Profession: Writer/Director/Producer

Credits: The Lonely Doll, Corpse Bride, Snow White, Buddy, Black Beauty, The Nightmare Before Christmas, The Secret Garden, Homeward Bound: The Incredible Journey, The Addams Family, Edward Scissorhands

Bio: Caroline Thompson grew up in a house full of books outside Washington, D.C., where she fell in love with horror novels, fantasy and children's classics. Her suburban Maryland neighborhood and favorite novel, Frankenstein, later inspired her horror novel, First Born, and first produced screenplay, Edward Scissorhands.

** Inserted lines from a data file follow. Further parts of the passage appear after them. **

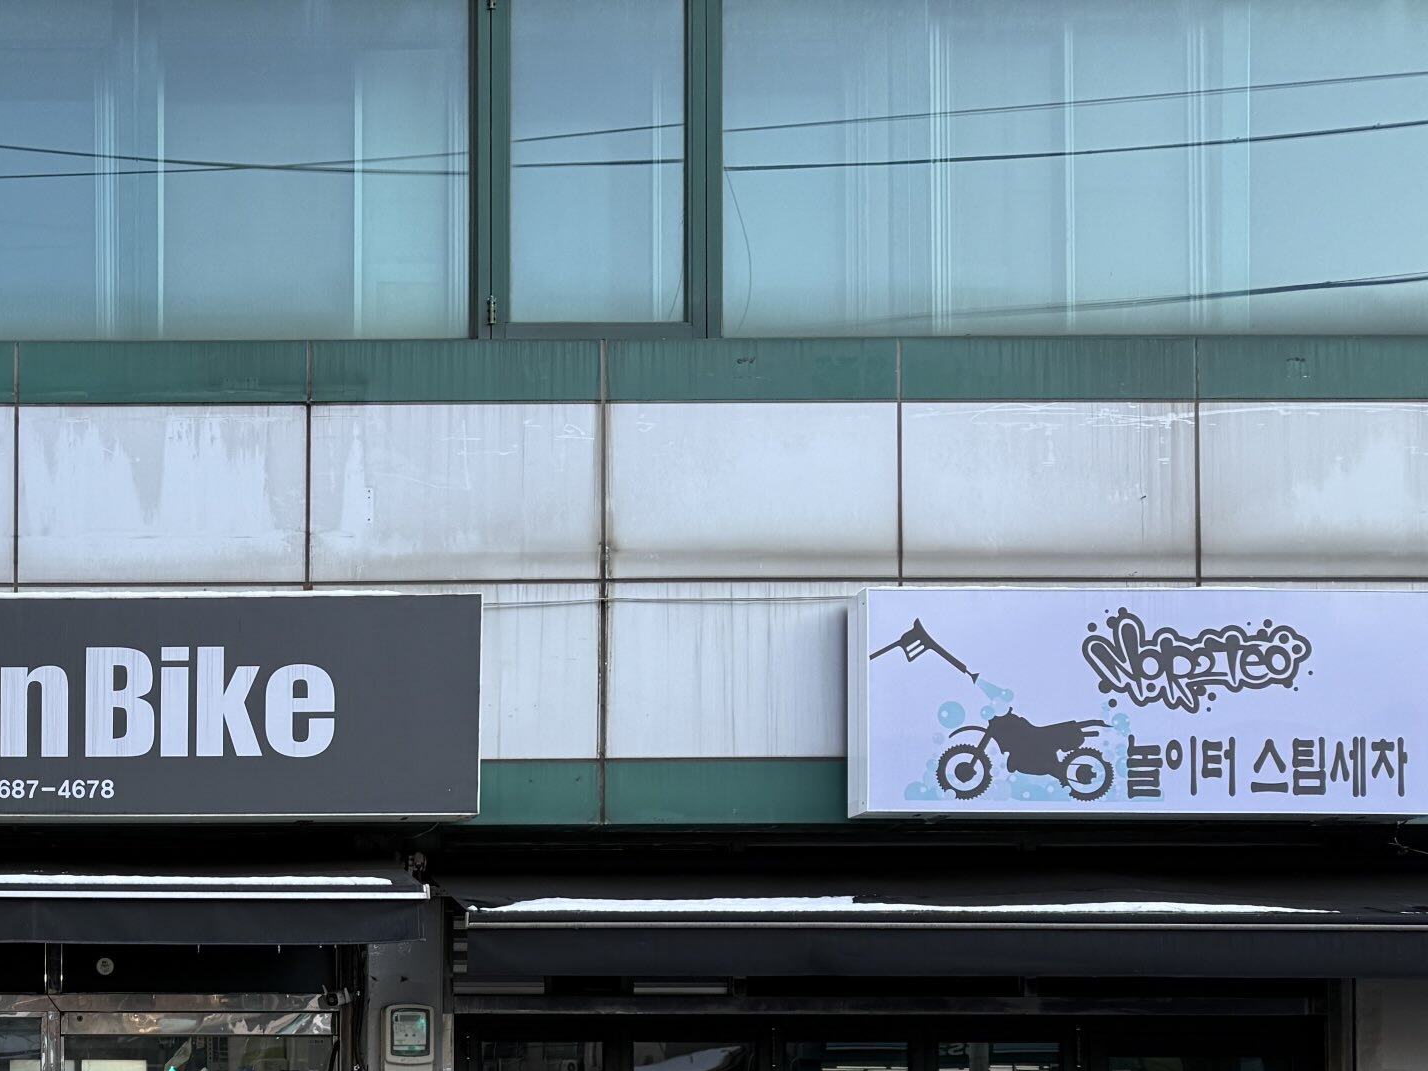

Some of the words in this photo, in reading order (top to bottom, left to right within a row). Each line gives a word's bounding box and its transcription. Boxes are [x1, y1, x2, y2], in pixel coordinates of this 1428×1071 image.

[85, 647, 337, 758] Bike
[1127, 735, 1236, 799] 놀이터
[1251, 736, 1409, 798] 스팀세차
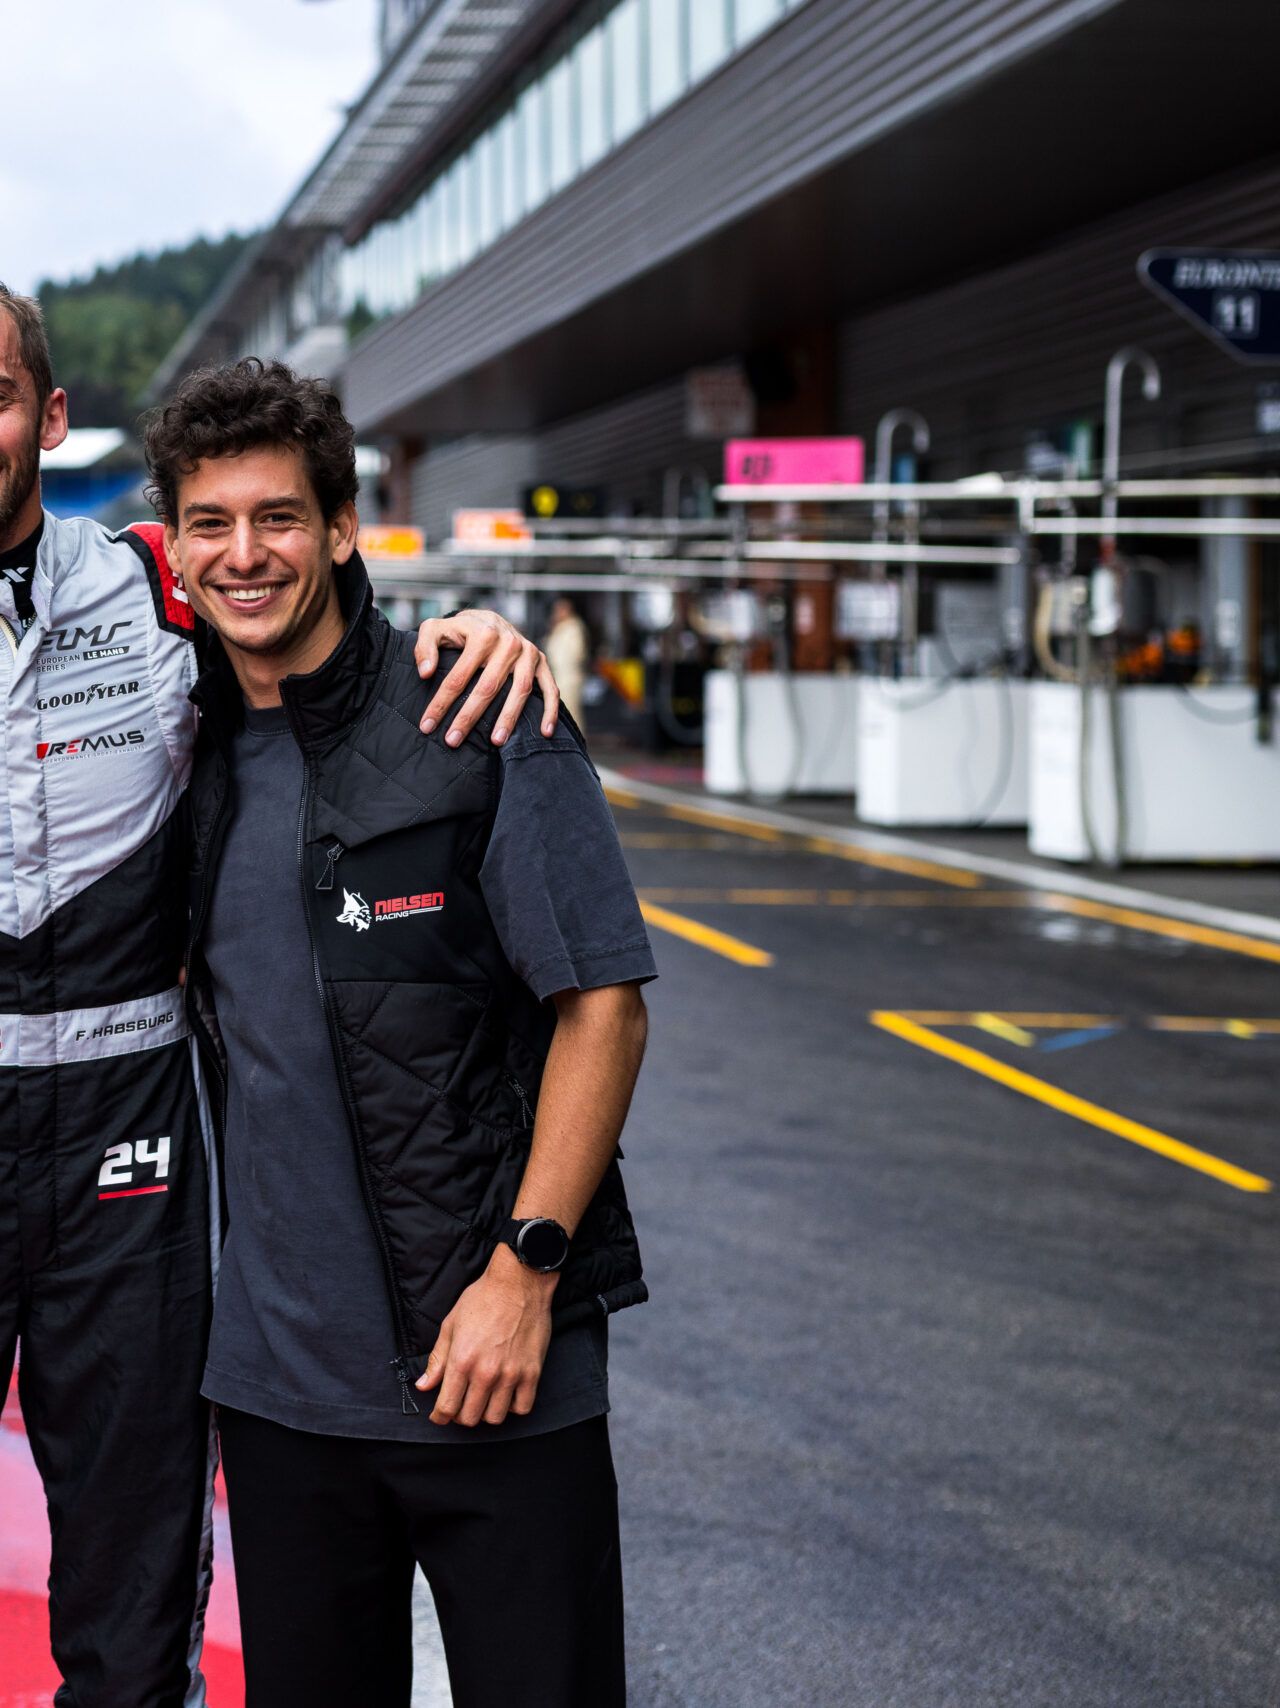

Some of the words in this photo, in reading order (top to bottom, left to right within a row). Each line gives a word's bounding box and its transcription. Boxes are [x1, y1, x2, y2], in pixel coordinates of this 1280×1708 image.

[1217, 294, 1254, 333] 11
[38, 620, 133, 653] ELMS
[36, 654, 80, 665] EUROPEAN
[87, 650, 99, 659] LE
[101, 647, 125, 658] MANS
[36, 664, 66, 673] SERIES
[36, 681, 140, 711] GOODYEAR
[375, 892, 444, 915] NIELSEN
[375, 910, 410, 922] RACING
[97, 1136, 171, 1187] 24

Thompson continued to explore horror and fantasy themes in screenplays for The Addams Family and the stop-motion animation features, The Nightmare Before Christmas and Corpse Bride. She ventured into children's classics, as well, writing screen adaptations of The Secret Garden and Homeward Bound: The Incredible Journey. And, despite WC. Fields' maxim, "Never work with animals or children," she took on the dual roles of screenwriter and director for Black Beauty, Buddy and Snow White: The Fairest of Them All. Most recently, she wrote, directed and produced The Hills Are Alive, a digi horror video made for the new technology.

Thompson lives with two dogs, four horses and various humans on a ranch in Ojai, Calif., where she aspires to be as sassy, irreverent, crotchety and wicked as her beloved high-school Latin teacher. Of her screenplays, Edward Scissorhands remains far and away her favorite.

1) What were you doing before you "made it"?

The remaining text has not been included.